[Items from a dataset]
=== Begin Enclosure ===

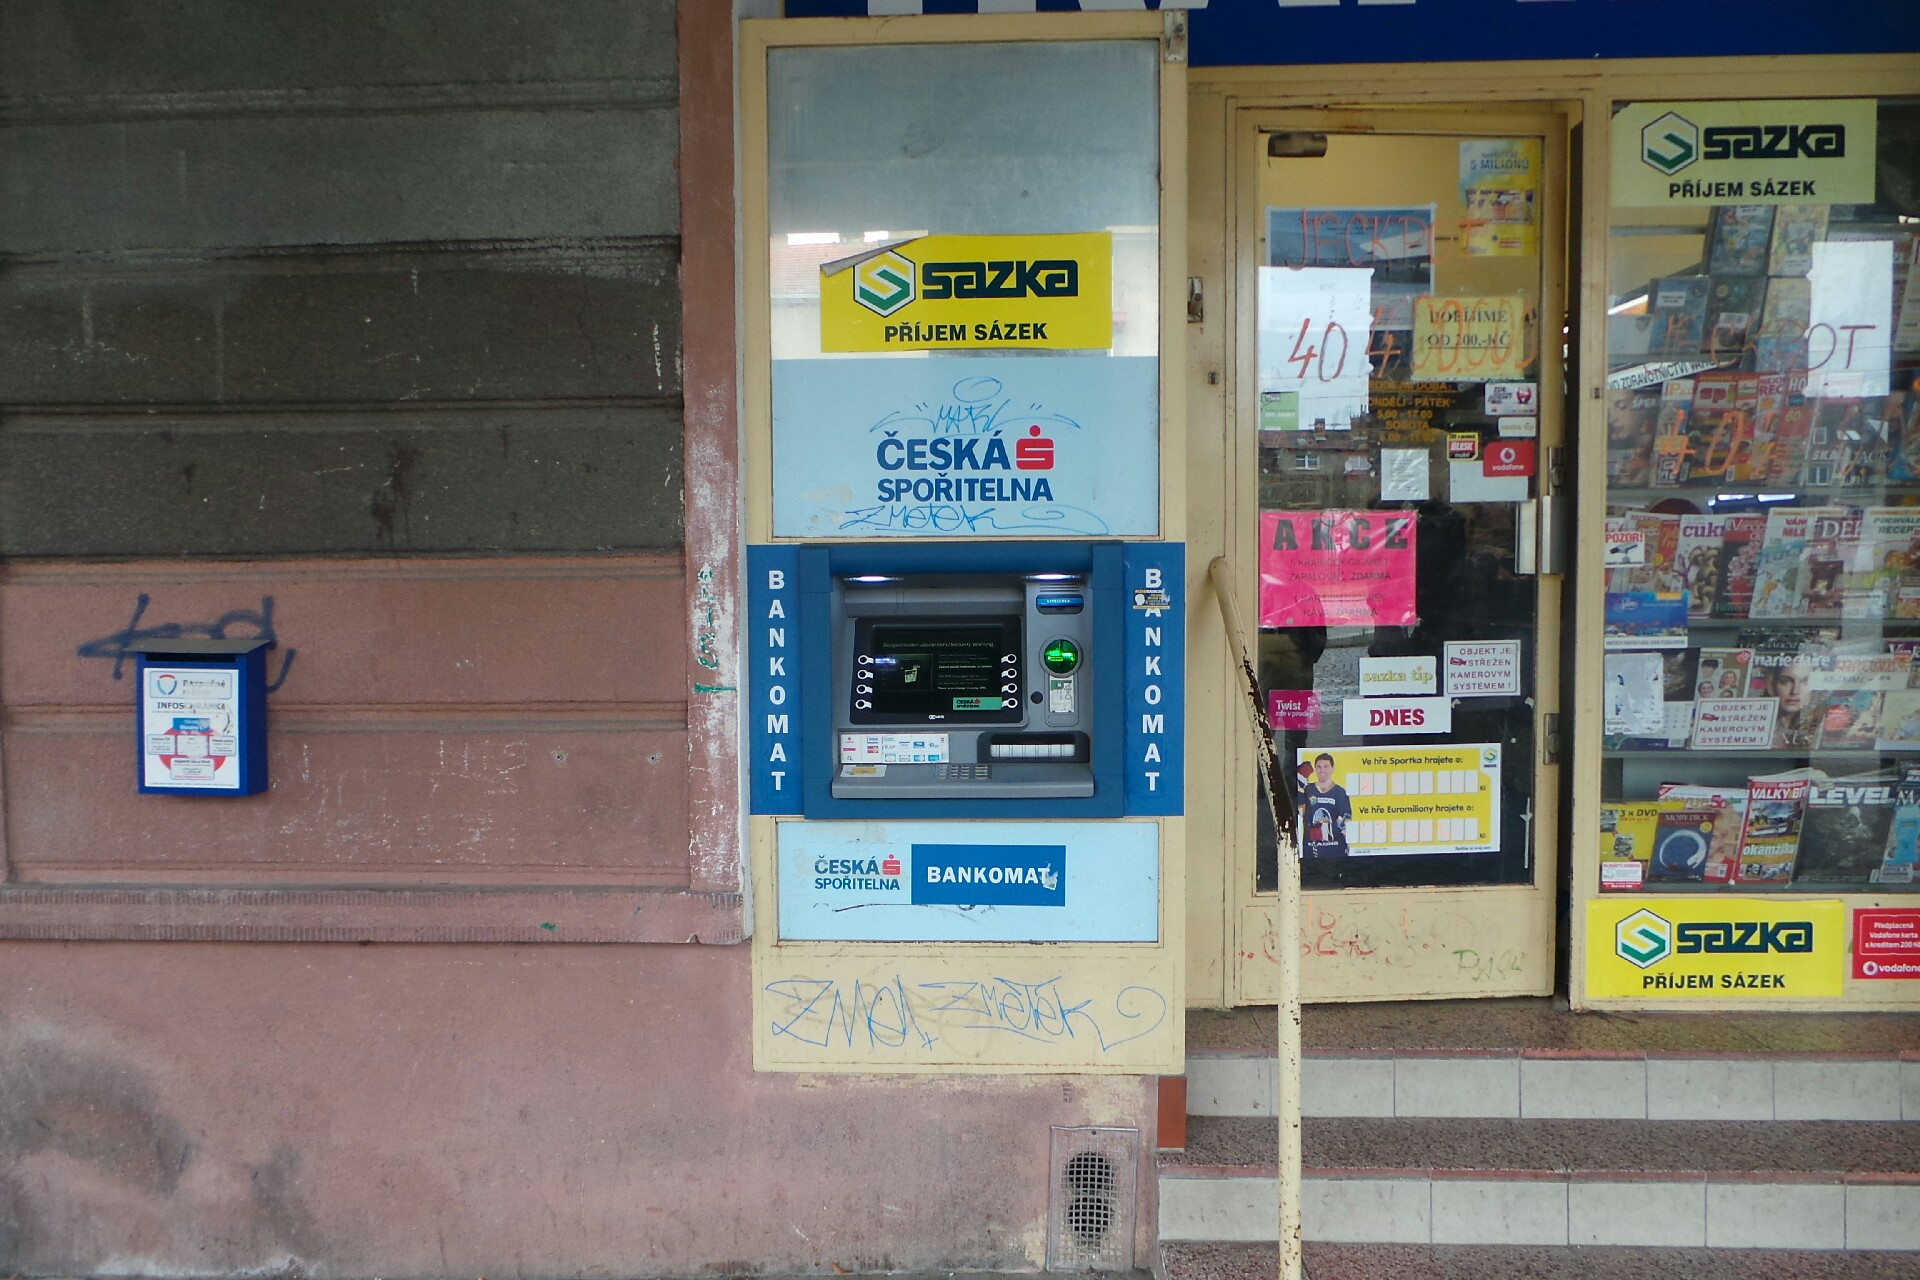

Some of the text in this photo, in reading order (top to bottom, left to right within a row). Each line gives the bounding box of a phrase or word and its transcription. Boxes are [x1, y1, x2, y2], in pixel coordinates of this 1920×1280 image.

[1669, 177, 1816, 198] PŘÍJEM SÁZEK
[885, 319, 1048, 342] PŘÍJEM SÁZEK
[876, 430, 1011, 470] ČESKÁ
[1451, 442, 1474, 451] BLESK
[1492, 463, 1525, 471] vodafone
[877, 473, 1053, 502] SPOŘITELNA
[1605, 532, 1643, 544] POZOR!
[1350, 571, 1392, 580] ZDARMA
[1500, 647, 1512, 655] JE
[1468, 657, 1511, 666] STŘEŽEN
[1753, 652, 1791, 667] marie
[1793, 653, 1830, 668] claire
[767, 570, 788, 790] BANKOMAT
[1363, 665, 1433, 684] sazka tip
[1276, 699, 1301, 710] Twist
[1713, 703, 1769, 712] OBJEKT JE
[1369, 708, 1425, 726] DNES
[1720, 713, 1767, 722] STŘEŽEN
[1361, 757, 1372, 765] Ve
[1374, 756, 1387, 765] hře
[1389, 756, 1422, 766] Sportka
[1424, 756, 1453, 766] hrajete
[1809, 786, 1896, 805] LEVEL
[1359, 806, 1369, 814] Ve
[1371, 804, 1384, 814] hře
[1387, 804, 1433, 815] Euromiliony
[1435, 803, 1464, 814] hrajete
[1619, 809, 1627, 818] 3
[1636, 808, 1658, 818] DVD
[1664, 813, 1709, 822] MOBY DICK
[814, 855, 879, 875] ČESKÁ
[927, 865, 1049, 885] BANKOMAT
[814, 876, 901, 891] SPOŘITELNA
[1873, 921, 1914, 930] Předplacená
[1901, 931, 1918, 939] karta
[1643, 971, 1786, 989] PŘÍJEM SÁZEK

=== End Enclosure ===

Every record, word for word, should be given back without its pictures.

Some of the text in this photo, in reading order (top to bottom, left to right within a row). Each line gives the bounding box of a phrase or word and its transcription. Boxes are [x1, y1, x2, y2], in pixel coordinates of this 1920×1280 image.

[1669, 177, 1816, 198] PŘÍJEM SÁZEK
[885, 319, 1048, 342] PŘÍJEM SÁZEK
[876, 430, 1011, 470] ČESKÁ
[1451, 442, 1474, 451] BLESK
[1492, 463, 1525, 471] vodafone
[877, 473, 1053, 502] SPOŘITELNA
[1605, 532, 1643, 544] POZOR!
[1350, 571, 1392, 580] ZDARMA
[1500, 647, 1512, 655] JE
[1468, 657, 1511, 666] STŘEŽEN
[1753, 652, 1791, 667] marie
[1793, 653, 1830, 668] claire
[767, 570, 788, 790] BANKOMAT
[1363, 665, 1433, 684] sazka tip
[1276, 699, 1301, 710] Twist
[1713, 703, 1769, 712] OBJEKT JE
[1369, 708, 1425, 726] DNES
[1720, 713, 1767, 722] STŘEŽEN
[1361, 757, 1372, 765] Ve
[1374, 756, 1387, 765] hře
[1389, 756, 1422, 766] Sportka
[1424, 756, 1453, 766] hrajete
[1809, 786, 1896, 805] LEVEL
[1359, 806, 1369, 814] Ve
[1371, 804, 1384, 814] hře
[1387, 804, 1433, 815] Euromiliony
[1435, 803, 1464, 814] hrajete
[1619, 809, 1627, 818] 3
[1636, 808, 1658, 818] DVD
[1664, 813, 1709, 822] MOBY DICK
[814, 855, 879, 875] ČESKÁ
[927, 865, 1049, 885] BANKOMAT
[814, 876, 901, 891] SPOŘITELNA
[1873, 921, 1914, 930] Předplacená
[1901, 931, 1918, 939] karta
[1643, 971, 1786, 989] PŘÍJEM SÁZEK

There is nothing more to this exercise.